Prof. Dr. Özçetin, yaptığı açıklamada, Türkiye'de bu hastalığın üzerine basılarak anlatılmasına rağmen yaş seviyesine göre sınırlandırılan bir durum ortaya çıktığını belirterek, bu durumun farklı duyarlılıklara ve farklı riskli tutumlara yol açtığına işaret etti.
Özellikle sağlıklı çocuk, genç ve erişkinlerde "Bizde hastalık yok, bize bir şey olmaz." düşüncesinin hakim olduğuna, bu gruptaki bireylerin büyük bir kısmının kontrolsüz ve rahat bir şekilde yaşamlarını sürdürmek istediğine değinen Özçetin, "Daha yaşlı ve ek hastalıkları olan bireyler ise çok daha endişeli olup korkuyla davranma eğilimi içinde olmaktadırlar. Bireylerin bu zıt tutumları hastalığın bulaşma riskini çok daha fazla artırmaktadır. Elbette bazı bireylerin mevcut durumu öğrenip anlayarak oldukça sorumlu davrandıklarını da biliyoruz." ifadelerini kullandı.
Özçetin, koronavirüs tedbirleri kapsamında uygulanan "sosyal mesafe" kuralını da anımsatarak, "İnsanlar sosyal varlıklar olduğundan birbirine ne kadar ihtiyaçları olduğunun, birine dokunmanın, eşine, çocuğuna, arkadaşına, yakınına sarılmanın ne kadar temel insani ihtiyaç olduğunu daha iyi anlamaya başladılar.

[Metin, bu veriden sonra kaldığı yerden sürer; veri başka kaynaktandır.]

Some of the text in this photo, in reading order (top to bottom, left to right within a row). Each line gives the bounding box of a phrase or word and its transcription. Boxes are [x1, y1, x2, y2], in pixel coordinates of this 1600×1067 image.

Bu salgının sona ermesinden sonra da insanlığın oldukça önemli bir kısmında bu temel insani özellikler kalıcı hale gelecek ve insanlar mutluluğun sadece ekonomik anlamda bir şeylere sahip olmak değil, bireyin kendisine yakın olan, kendisini seven, iletişim kurabildiği, özlediği, kavuştuğu, dokunduğu, sarıldığı diğer insanların varlığıyla ilişkili olduğunu daha çok fark edecekler." değerlendirmesinde bulundu.

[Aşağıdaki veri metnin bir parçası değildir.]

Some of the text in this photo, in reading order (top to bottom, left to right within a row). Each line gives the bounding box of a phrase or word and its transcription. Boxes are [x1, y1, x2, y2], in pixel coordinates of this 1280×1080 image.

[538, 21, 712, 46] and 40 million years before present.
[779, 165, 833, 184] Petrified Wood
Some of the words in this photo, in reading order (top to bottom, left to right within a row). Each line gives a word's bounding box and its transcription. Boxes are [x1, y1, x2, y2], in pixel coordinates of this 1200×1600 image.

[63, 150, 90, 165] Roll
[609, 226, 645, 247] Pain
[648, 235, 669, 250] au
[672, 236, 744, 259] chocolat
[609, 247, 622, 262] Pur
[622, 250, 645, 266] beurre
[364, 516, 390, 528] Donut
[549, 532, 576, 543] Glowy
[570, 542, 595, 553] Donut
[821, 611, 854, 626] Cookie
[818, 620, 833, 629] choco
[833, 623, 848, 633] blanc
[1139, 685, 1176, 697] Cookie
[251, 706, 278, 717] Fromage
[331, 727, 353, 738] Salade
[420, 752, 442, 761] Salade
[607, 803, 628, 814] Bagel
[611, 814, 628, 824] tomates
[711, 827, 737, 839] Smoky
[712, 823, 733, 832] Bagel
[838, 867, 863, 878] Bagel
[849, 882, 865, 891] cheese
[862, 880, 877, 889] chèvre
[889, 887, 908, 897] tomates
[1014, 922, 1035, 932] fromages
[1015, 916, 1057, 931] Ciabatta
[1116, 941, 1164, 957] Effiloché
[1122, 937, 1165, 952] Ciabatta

Bu tür salgınların kişilik yapılarına göre farklı etkiler oluşturabileceğini vurgulayan Özçetin, şunları kaydetti:
"Kaygılı insanların endişelerinin artması sonucu panik bozukluklar, anksiyete bozuklukları, uzun süre yalnız, kimsesiz kalma sonucu çeşitli derecelerde depresyonlar, güvenlikli ve sağlıklı yaşam hakkını kaybettiğini düşünenlerde hastalık hastalığı (hipokondriazis), özellikle bir tanıdığı ya da yakınını kaybedenlerde yas tepkileri gelişebilir. Saplantı-zorlantı bozukluğu olanların önemli bir kısmının aşırı titiz, düzenli, kontrolcü özelliklerinin koruyucu olduğunu düşünerek başladıkları ve sürdürdükleri tedavilerinden vazgeçebilir ve bu tür hastalıklar şiddetlenebilir."
"Bu salgın biyolojik zeminden kaynak alan psikolojik bir savaş"

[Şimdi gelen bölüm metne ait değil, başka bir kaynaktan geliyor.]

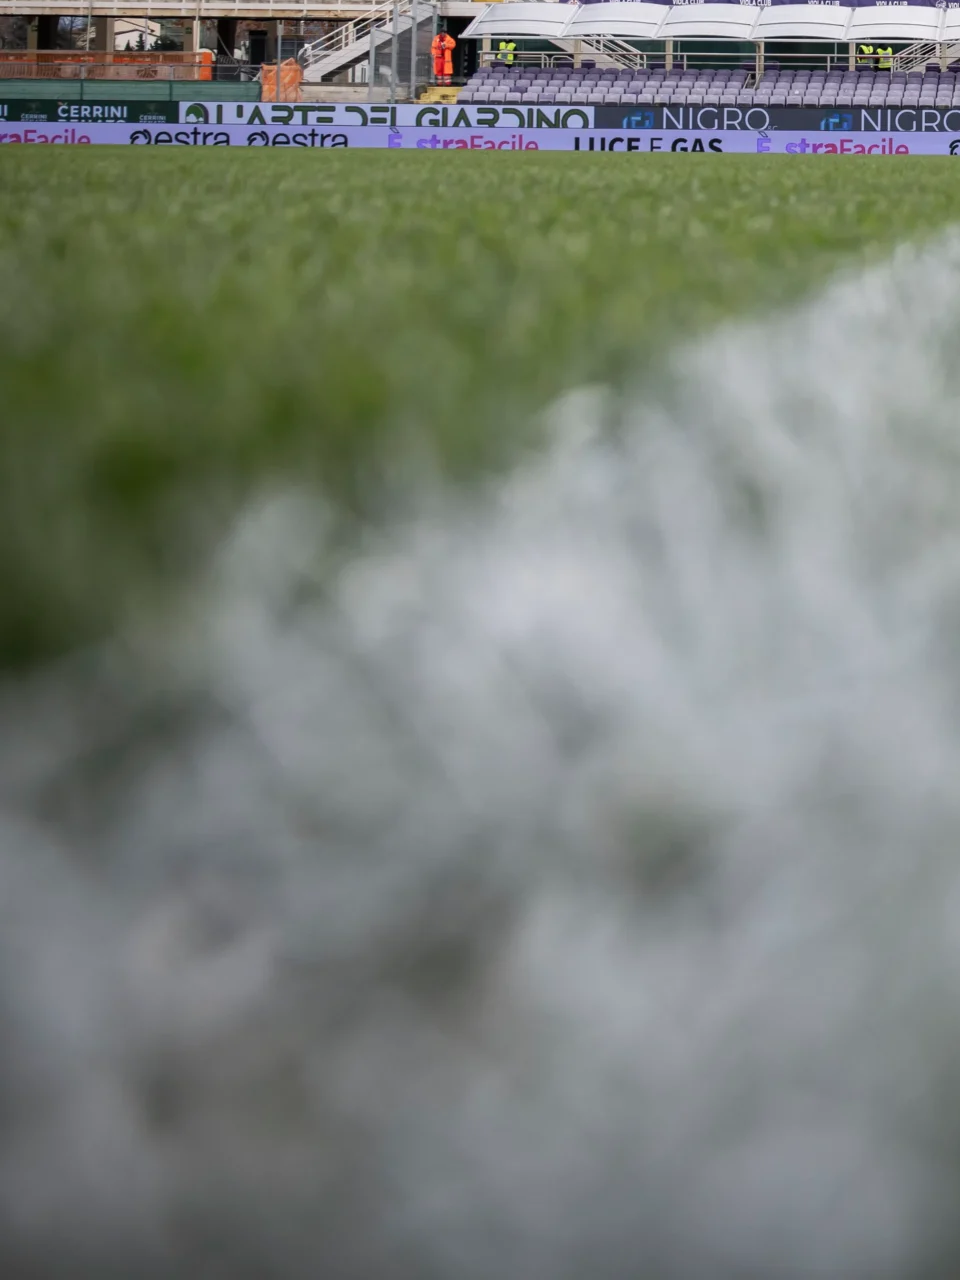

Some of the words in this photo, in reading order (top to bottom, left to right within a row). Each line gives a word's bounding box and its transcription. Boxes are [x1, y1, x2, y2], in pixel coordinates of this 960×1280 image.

[740, 0, 756, 7] VIOLA
[757, 0, 772, 7] CLUB
[416, 107, 589, 129] GIARDINO
[662, 107, 770, 131] NIGRO
[671, 137, 723, 153] GAS
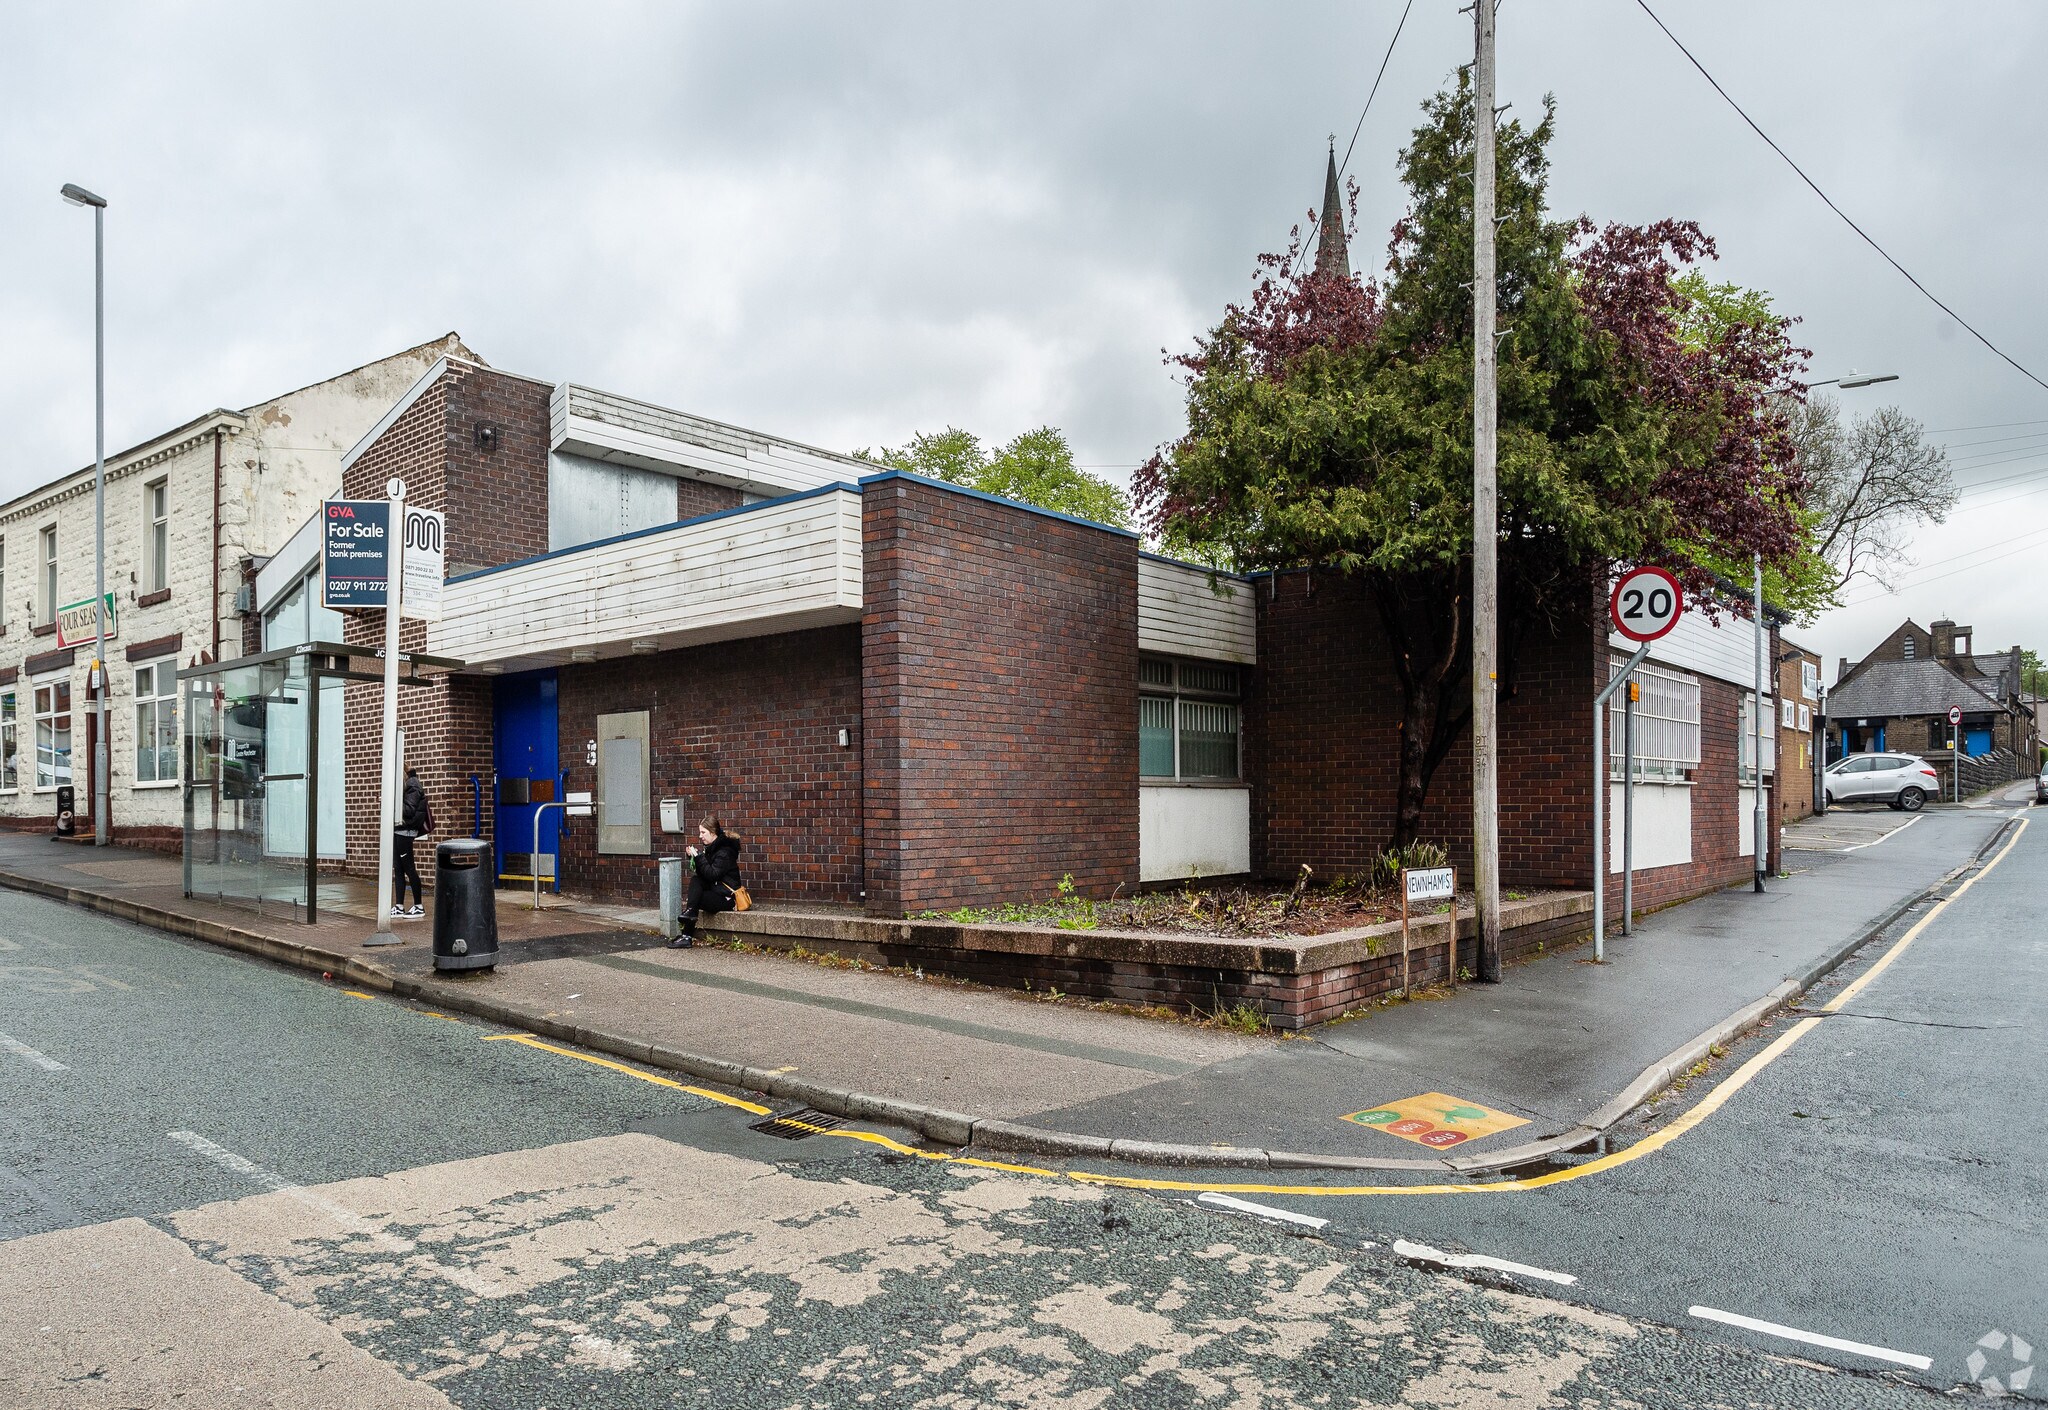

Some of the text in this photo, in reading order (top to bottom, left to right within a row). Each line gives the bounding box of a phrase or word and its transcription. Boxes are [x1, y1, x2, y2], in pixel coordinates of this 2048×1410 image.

[392, 480, 400, 496] J
[328, 505, 355, 518] GVA
[328, 522, 384, 538] For Sale
[329, 540, 356, 549] Former
[329, 549, 383, 560] bank premises
[329, 581, 351, 591] 0207
[353, 581, 367, 591] 911
[1623, 588, 1672, 619] 20
[59, 611, 79, 631] FOUR

Yaşamı tehdit eden, yaşam kalitesini düşüren her şeyin birey için var olma kaygısını artıracağını kaydeden Özçetin, "Bu salgın aynı zamanda biyolojik zeminden kaynak alan psikolojik bir savaş. Tüm canlılarda olduğu gibi insanlık için de en temelde canlılığı koruma ve yaşamı sürdürme motivasyonu vardır. İnsanlar için varlığa tehdit oluşturan her durum psikolojik savaş alanıdır. Nasıl bir durum ya da sorunla karşılaştığımız hakkında yeterli ve doğru bilgiye sahip isek vücudumuzun vereceği tepki de özellikle endişe ve korkunun hakim olmaması nedeniyle daha gerçekçi olacak ve gücümüzü artıracaktır. Tehdit ya da tehlikeyi nasıl algılarsak duygu ve düşünceler öncülüğünde tepkimiz ve dolayısıyla direnç ve bağışıklığımız da değişecektir." ifadelerini kullandı.